You may have seen the ads on TV for a new lung cancer screening tool, advising you to talk to your doctor if you’ve been a smoker. According to Matthew Gaudet, MD, cardiothoracic surgeon at Ochsner Health System, the earlier lung cancer is detected, the higher the likelihood of a better prognosis. Given the high rates of Louisianans who still smoke, and who were once long-term or heavy smokers, this information couldn’t be more relevant as World Lung Cancer Awareness Day approaches on August 1, 2018. Ochsner Health System President and CEO Warner Thomas recently pledged that the system would increase cancer screenings by more than 140,000 new screenings by 2022, to help address high cancer diagnosis rates in Louisiana and adjacent areas.

“Ninety percent of the lung cancers we see are still attributable to smoking,” says Dr. Gaudet. “The big difference is that with screening of those at risk, we can cure a number of Stage 1 lung cancers with just surgery and offer patients the chance of a longer life expectancy. Screening can show us abnormalities before symptoms begin. When symptoms show up, patients typically have a much more advanced disease, which is much more serious and difficult to address.”

Men who smoke are 23 times more likely to develop lung cancer than those who have never smoked. Women who smoke are 13 times more likely than those who’ve never smoked. Cancer prevention and research has been at the forefront of Ochsner’s legacy for more than 75 years. In 1939, Ochsner's founder, Dr. Alton Ochsner, was the first to connect tobacco and lung cancer.

According to Gaudet, patients who once smoked or who currently smoke should talk to their primary care providers about whether they are suitable candidates for a low-dose CT scan (LDCT, also known as low-dose CAT scan). Low-dose CT scans are valuable for finding smaller abnormal areas in the lungs, more so than chest x-rays. LDCT uses less radiation than a standard chest CT scan and can safely be performed every year.

Current American Cancer Society guidelines recommend that patients without symptoms who are ages 55-77, in fairly good health, and who meet the following conditions be screened with LDCT:

  • Current smokers or smokers who have quit in the past 15 years;
  • Att least a 30 pack-year smoking history be screened annually with LDCT. (A pack-year is the number of years a person smoked multiplied by the number of packs of cigarettes a day. E.g., Someone who smoked two packs a day for 15 years has 30 pack-years of smoking);
  • Receive counseling to quit if they smoke currently;
  • Have been told by their doctor about the possible benefits, limits and harms of screening with LDCT scans; and
  • Have access to a facility with experience in lung cancer screening and treatment.

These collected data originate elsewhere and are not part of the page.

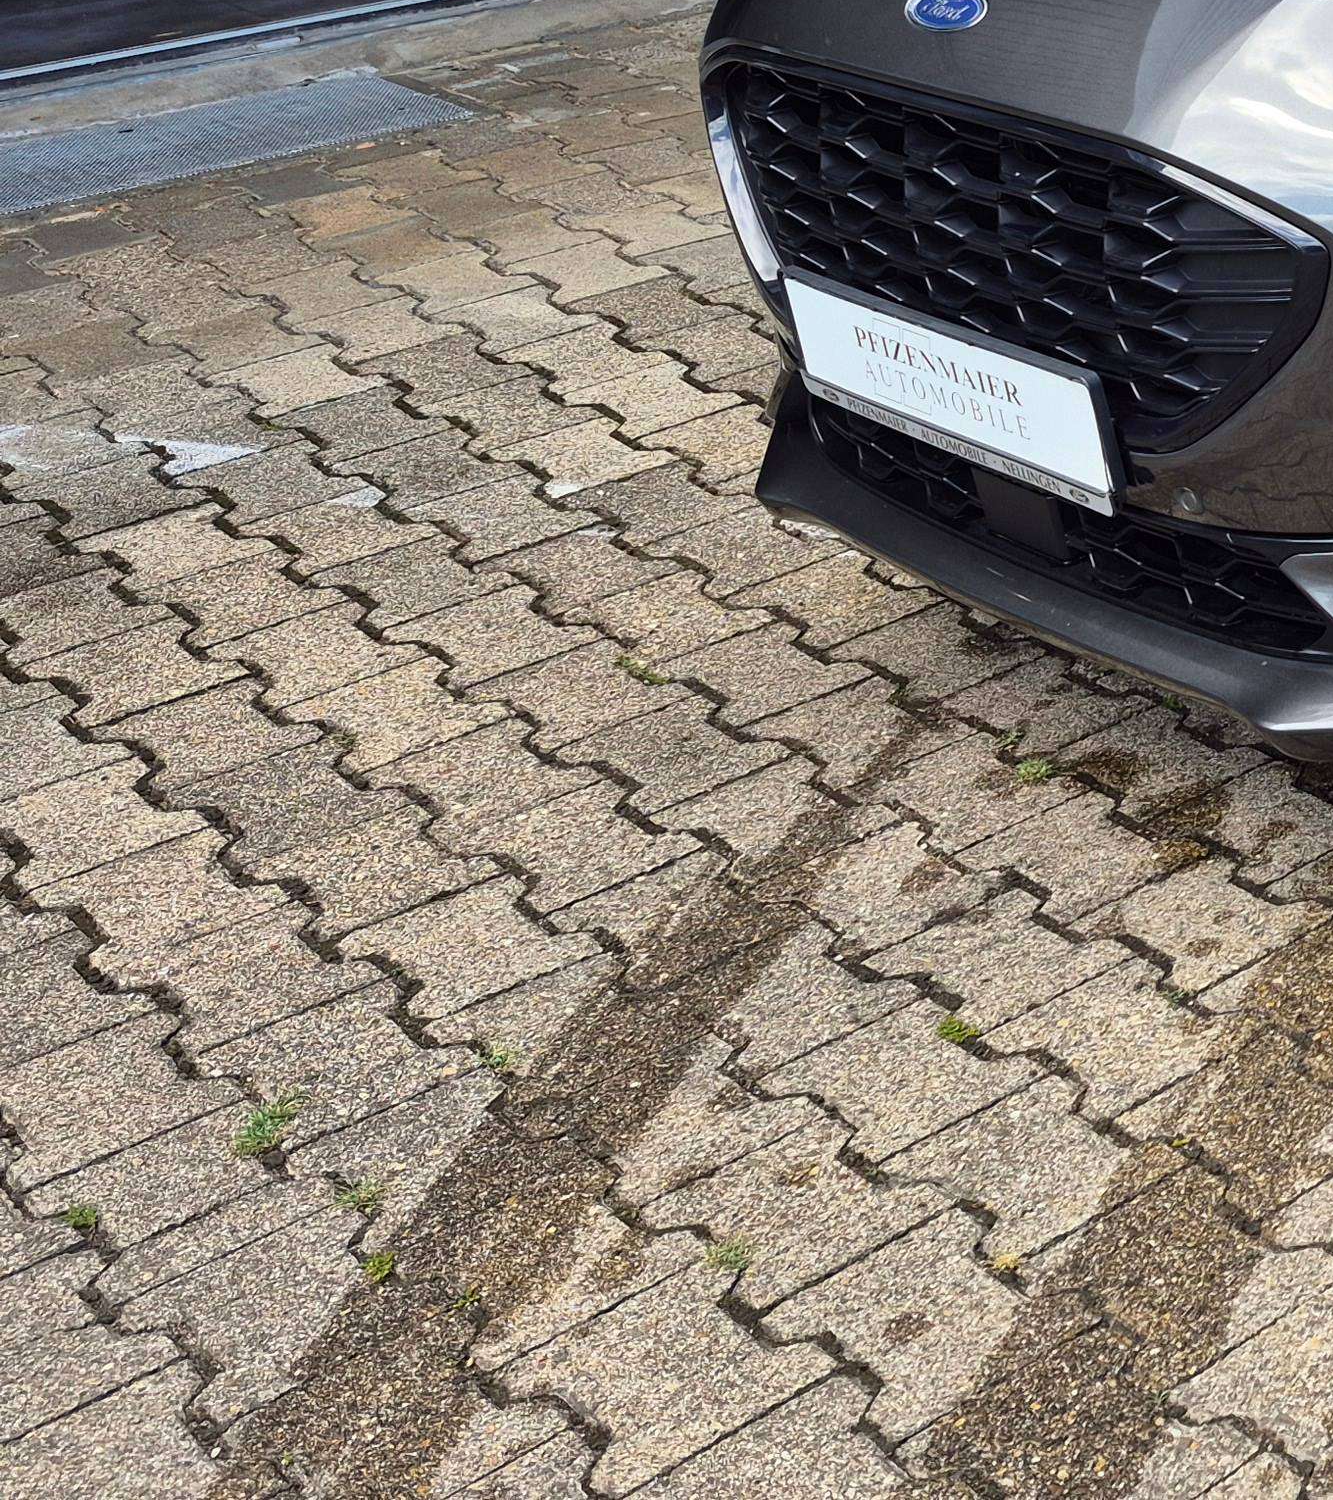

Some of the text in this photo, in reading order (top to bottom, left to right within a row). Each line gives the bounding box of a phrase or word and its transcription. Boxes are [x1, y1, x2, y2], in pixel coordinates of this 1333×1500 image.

[853, 325, 1023, 406] PFIZENMAIER
[863, 359, 1032, 441] AUTOMOBILE
[846, 398, 1062, 493] PFIZENMAIER AUTOMOBILE NELLINGEN
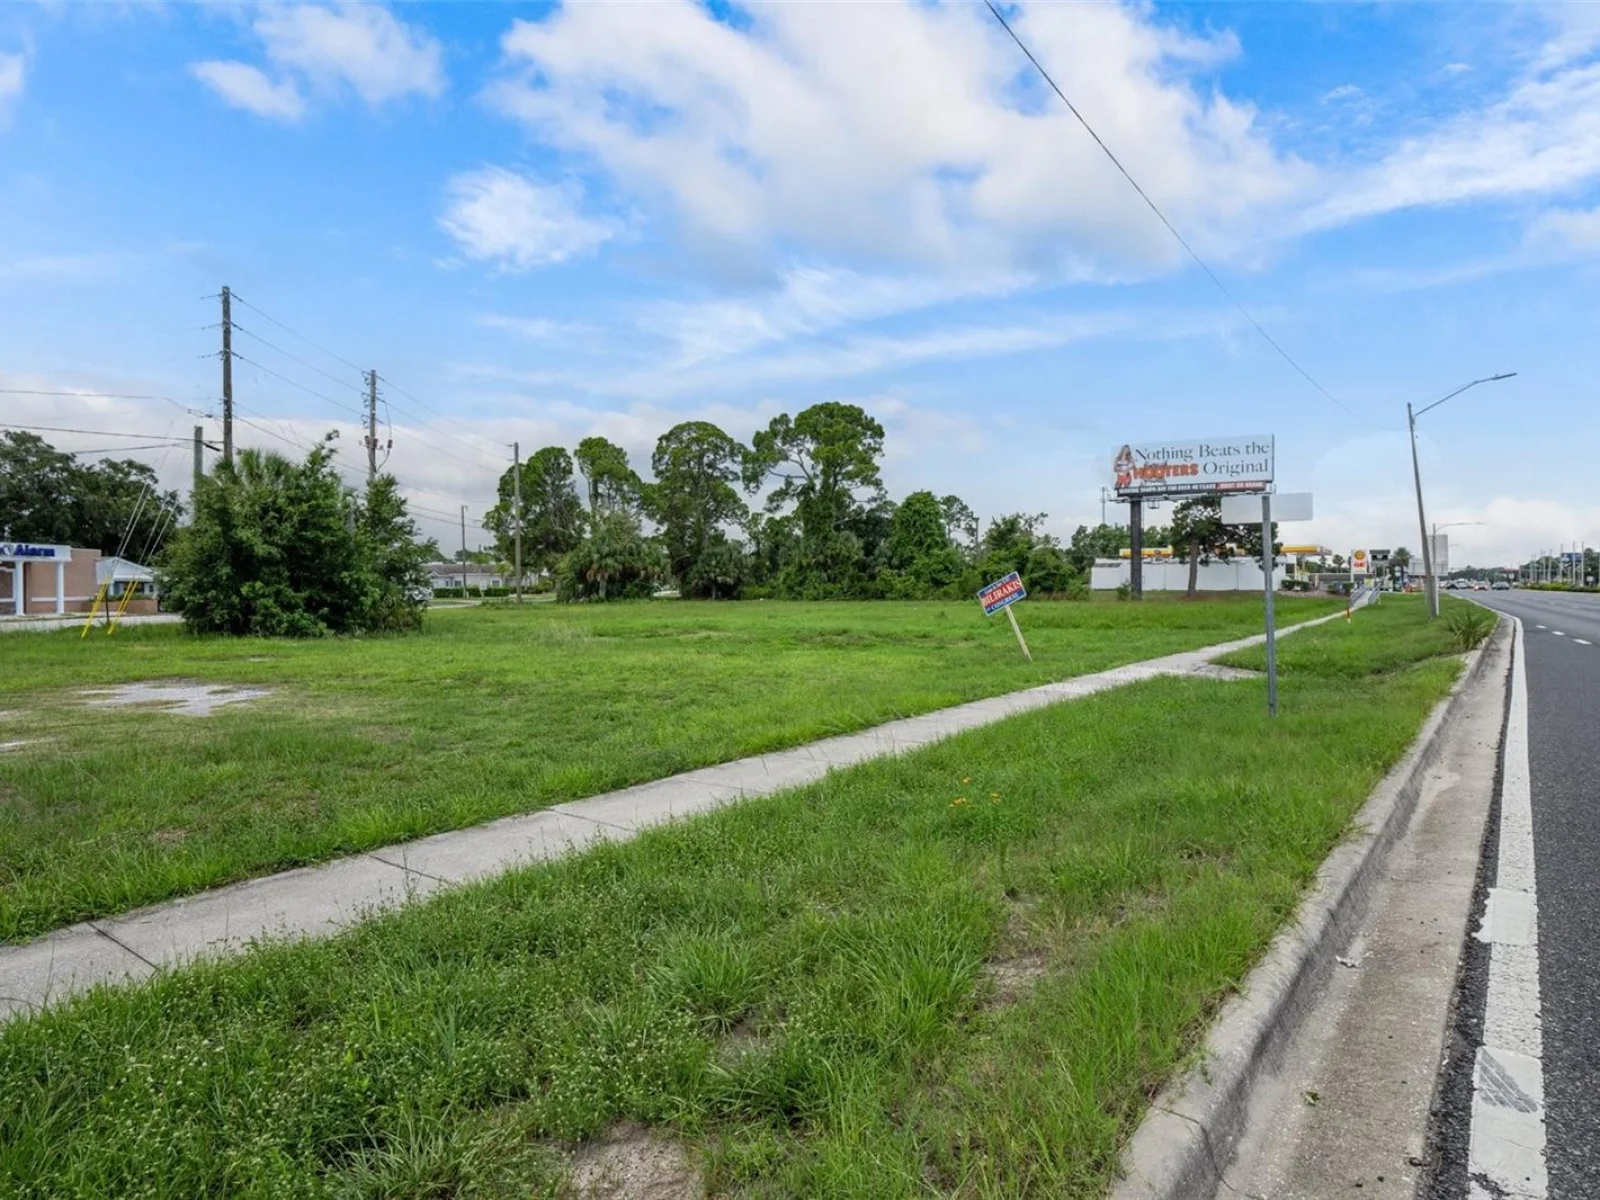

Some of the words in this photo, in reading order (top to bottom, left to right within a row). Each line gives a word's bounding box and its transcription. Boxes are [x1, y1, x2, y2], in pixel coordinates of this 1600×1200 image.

[1135, 447, 1194, 462] Nothing
[1199, 444, 1241, 458] Beats
[1246, 441, 1270, 454] the
[1133, 463, 1199, 480] HOOTERS
[1203, 459, 1269, 477] Original
[980, 580, 1022, 607] BILIRAKIS

“If we can make lung cancer screening for patients at high risk as much a part of their annual health care as a mammogram or a prostate exam, we can catch many of these cancers before they spread outside the lung,” says Dr. Gaudet. “We can treat many of them with minimally invasive surgery, a short hospital stay, quicker and easier recovery, and no chemo or radiation. That’s a dramatic difference for patients’ quality of life. We want to reach the point where lung cancer is something people live through. Routine screening and early detection are the key.”